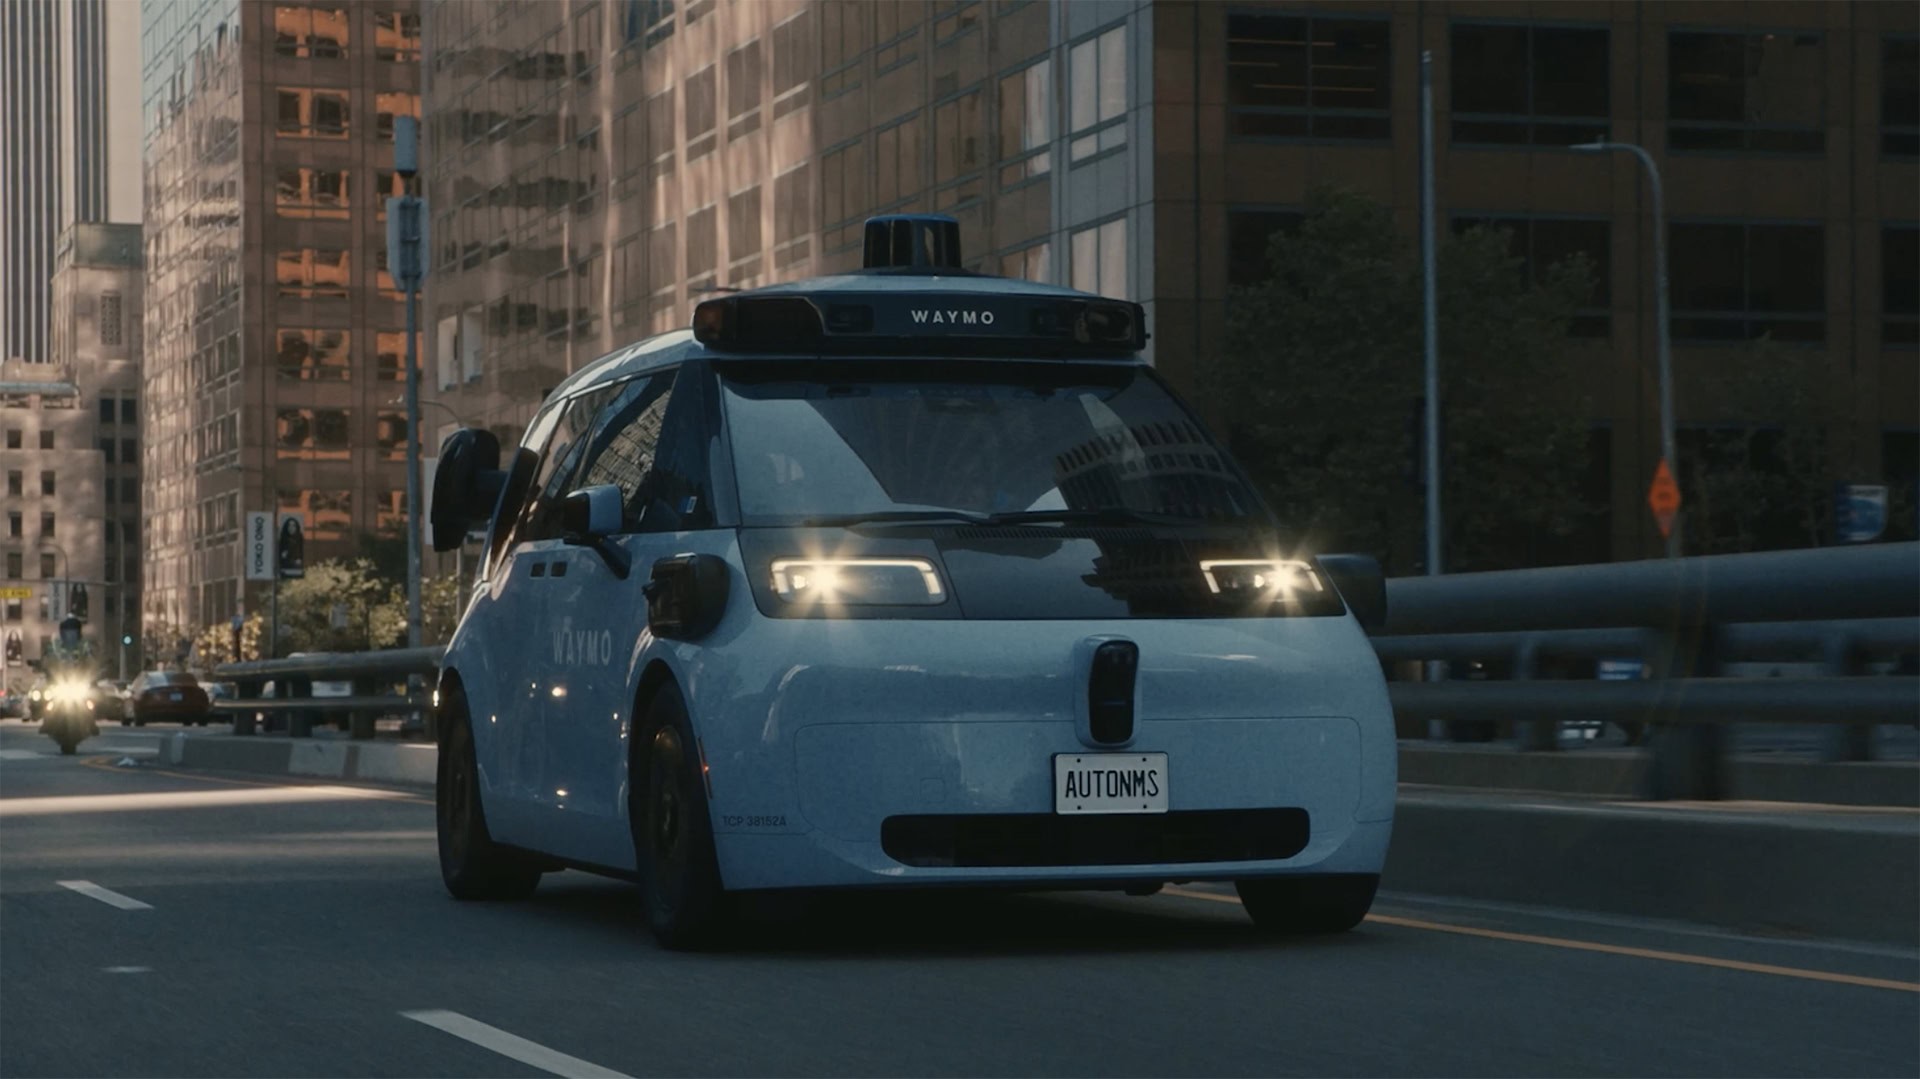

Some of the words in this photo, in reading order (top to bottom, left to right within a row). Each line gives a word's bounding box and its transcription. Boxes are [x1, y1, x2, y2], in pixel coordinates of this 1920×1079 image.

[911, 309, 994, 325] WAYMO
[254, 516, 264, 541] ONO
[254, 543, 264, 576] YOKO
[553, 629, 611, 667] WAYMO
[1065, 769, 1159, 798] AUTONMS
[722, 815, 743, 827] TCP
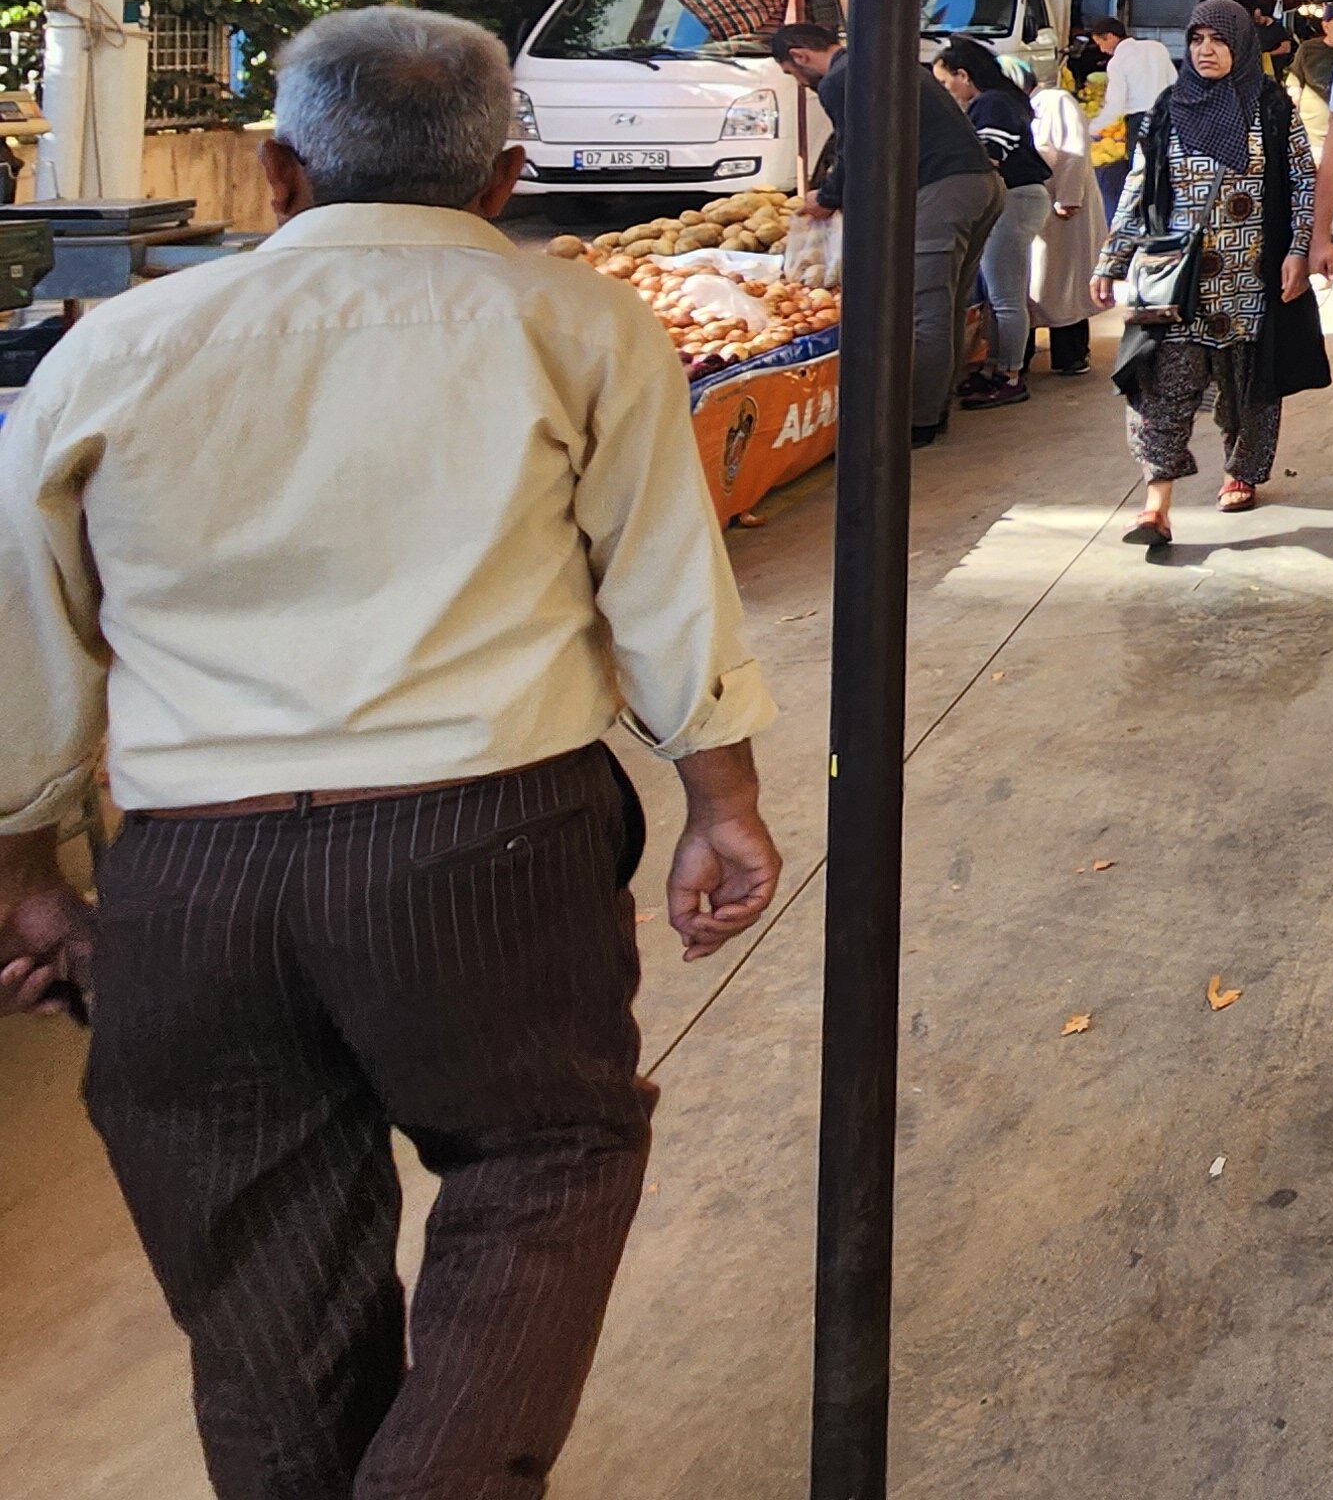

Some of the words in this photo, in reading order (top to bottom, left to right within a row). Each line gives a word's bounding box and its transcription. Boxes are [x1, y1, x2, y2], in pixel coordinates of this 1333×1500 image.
━━━━
What is required: All of the records need to be reproduced exactly, with each picture omitted.

Response to the task:
Some of the words in this photo, in reading order (top to bottom, left to right within a row). Each line gives a word's bounding box and its transcription. Boxes are [x1, y1, x2, y2], in pixel coordinates of this 1920×1079 image.

[911, 309, 994, 325] WAYMO
[254, 516, 264, 541] ONO
[254, 543, 264, 576] YOKO
[553, 629, 611, 667] WAYMO
[1065, 769, 1159, 798] AUTONMS
[722, 815, 743, 827] TCP

Some of the words in this photo, in reading order (top to bottom, left to right within a row). Each line gives a word's bounding box and its transcription. Boxes are [x1, y1, x2, y2], in pixel coordinates of this 1333×1500 image.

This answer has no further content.